Observed plasma concentrations of empagliflozin were best described by a two-compartment model with first order elimination and a transit absorption model. (15) Inter-individual variability (IIV) was identified for apparent clearance (CL/F), apparent volume of distribution (V2/F), mean transit time (MTT) and number of transit

compartments (NN). Also, the covariance could be estimated between CL/F and V2/F. The residual error was best described by a combined error model. In order to improve model stability, model parameters were µ-referenced.

The central and individual trend of the data is adequately captured by the model as the population predictions and individual predictions are evenly distributed around the line of unity (Figure 1.I A and B). In CWRES all data were normally distributed around zero over the entire TIME and PRED range (Figure 1-I C and D). Population parameters were accurately estimated, as reflected by RSE values of <30%. The covariate

bodyweight was implemented in the model using allometric scaling as this improved the goodness-of-fit plots. Other covariates could not be identified. Overall, our model described the individual data accurately (Supplementary figure 1) and the variability in the data was also captured adequately (Supplementary figure 2). Therefore, the model

was considered adequate to estimate individual exposure. The individual AUC0-∞ for

empagliflozin ranged from 411.73 to 1249.8 g·h/mL with a mean value of 885.1 g·h/mL and (95% CI: 468.6 to 1239.9).

Linagliptin

The observed plasma concentrations of Linagliptin were best described by a one-compartment model with first-order elimination and a transit absorption model. IIV could be identified on CL/F, V/F MTT and NN. The residual error was best described by a combined error model.

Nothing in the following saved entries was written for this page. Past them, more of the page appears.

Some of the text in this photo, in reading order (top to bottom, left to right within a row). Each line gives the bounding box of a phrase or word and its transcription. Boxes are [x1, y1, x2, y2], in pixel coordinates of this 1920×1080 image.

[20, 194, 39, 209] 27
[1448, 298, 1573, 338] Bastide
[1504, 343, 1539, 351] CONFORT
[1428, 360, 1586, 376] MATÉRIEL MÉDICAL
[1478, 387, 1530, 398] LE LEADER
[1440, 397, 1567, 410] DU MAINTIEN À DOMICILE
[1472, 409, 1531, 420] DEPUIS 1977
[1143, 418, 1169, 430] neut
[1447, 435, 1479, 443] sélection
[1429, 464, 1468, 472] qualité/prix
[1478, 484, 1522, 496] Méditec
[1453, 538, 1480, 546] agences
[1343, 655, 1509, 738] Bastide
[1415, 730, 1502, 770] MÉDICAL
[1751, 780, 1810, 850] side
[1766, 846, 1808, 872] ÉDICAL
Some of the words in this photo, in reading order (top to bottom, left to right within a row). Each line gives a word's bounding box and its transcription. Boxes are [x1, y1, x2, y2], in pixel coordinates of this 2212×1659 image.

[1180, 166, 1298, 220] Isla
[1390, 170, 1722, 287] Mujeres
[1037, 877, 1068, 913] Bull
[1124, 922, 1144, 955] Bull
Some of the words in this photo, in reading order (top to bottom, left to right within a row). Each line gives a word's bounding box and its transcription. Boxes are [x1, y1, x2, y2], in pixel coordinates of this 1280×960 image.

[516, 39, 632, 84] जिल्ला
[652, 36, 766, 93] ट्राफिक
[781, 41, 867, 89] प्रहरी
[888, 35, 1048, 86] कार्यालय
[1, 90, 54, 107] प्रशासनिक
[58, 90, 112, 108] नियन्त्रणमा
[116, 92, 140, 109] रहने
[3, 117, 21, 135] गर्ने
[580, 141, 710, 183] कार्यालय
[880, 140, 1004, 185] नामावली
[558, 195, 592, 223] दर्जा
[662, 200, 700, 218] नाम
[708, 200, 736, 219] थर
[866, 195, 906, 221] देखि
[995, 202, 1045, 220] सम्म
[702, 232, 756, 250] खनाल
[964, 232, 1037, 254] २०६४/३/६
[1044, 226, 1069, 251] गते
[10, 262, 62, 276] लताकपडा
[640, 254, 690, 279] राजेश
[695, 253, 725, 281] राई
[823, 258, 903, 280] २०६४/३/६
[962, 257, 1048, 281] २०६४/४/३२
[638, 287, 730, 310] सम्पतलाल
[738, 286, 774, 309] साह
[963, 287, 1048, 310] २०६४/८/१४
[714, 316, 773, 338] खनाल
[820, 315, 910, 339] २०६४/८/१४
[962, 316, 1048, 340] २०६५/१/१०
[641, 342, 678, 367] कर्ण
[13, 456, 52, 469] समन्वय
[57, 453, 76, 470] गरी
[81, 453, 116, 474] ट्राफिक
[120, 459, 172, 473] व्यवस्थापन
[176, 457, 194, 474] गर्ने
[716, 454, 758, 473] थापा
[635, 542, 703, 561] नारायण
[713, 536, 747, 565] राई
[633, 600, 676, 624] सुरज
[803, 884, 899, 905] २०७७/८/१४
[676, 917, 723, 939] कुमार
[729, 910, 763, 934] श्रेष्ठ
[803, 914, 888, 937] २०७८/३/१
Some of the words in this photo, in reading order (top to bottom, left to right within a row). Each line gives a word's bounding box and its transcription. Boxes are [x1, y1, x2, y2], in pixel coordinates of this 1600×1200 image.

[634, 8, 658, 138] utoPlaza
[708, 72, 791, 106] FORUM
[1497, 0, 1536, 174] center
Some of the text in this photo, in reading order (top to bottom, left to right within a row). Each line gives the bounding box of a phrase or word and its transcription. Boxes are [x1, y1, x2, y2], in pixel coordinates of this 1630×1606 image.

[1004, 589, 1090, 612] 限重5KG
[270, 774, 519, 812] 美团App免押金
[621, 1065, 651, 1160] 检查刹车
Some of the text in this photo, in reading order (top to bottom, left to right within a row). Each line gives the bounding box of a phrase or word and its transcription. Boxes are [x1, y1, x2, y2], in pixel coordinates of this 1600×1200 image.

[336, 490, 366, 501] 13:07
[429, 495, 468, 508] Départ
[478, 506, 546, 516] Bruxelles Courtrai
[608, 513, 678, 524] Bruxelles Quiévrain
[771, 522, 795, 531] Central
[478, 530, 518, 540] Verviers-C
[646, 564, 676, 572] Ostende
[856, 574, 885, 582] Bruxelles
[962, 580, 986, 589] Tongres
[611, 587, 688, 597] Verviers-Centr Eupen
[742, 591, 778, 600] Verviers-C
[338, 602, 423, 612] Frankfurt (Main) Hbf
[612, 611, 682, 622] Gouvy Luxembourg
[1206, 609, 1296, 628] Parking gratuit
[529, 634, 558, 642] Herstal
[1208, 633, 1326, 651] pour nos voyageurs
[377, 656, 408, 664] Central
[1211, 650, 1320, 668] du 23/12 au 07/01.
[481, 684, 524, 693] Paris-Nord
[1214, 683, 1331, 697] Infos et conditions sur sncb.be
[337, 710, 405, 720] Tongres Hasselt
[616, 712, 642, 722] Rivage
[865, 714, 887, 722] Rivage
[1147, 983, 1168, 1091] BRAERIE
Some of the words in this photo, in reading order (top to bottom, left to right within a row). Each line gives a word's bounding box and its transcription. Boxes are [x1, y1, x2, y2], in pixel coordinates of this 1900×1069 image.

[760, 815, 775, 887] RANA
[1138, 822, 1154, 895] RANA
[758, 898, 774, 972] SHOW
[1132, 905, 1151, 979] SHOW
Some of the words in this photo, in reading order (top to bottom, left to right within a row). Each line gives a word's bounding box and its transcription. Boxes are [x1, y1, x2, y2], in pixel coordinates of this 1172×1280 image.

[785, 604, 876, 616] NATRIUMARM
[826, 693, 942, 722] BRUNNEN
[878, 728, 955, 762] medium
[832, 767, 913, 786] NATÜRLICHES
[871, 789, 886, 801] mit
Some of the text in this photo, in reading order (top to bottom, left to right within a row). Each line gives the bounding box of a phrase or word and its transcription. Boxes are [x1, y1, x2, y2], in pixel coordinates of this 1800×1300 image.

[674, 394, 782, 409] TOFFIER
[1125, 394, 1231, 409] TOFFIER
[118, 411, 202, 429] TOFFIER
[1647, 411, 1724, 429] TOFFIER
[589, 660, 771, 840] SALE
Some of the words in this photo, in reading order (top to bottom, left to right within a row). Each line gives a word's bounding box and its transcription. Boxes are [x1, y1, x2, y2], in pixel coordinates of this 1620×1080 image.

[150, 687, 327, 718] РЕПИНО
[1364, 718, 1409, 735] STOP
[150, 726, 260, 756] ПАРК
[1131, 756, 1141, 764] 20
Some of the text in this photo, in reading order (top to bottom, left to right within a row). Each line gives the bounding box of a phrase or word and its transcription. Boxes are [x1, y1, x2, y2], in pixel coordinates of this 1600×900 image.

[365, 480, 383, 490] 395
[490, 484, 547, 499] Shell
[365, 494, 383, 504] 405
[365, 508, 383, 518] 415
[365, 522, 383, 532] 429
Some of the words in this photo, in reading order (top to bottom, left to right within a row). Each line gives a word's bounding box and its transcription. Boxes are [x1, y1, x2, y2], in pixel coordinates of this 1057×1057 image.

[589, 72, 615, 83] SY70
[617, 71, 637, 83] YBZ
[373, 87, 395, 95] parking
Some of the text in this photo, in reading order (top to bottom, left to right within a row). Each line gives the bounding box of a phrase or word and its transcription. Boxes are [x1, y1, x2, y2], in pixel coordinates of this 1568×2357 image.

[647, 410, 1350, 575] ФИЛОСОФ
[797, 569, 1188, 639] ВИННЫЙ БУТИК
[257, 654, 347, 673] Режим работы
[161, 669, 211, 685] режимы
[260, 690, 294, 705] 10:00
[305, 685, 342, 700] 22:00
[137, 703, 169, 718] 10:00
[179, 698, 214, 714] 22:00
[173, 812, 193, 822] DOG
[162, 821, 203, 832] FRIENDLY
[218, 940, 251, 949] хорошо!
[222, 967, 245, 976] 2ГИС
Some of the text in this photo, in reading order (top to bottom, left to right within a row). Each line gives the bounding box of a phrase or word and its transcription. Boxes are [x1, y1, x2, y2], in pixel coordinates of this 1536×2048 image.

The central and individual trend of the data is well captured by the model as the population predictions and individual predictions are evenly distributed around the line of unity (Figure 1.II A and B). In CWRES all data were normally distributed around zero over the entire TIME and PRED range (Figure 1.II C and D). Population parameters were accurately estimated as reflected by RSE values of <40%. Covariate weight was implemented in the model using allometric scaling as the goodness-of-fit plots improved.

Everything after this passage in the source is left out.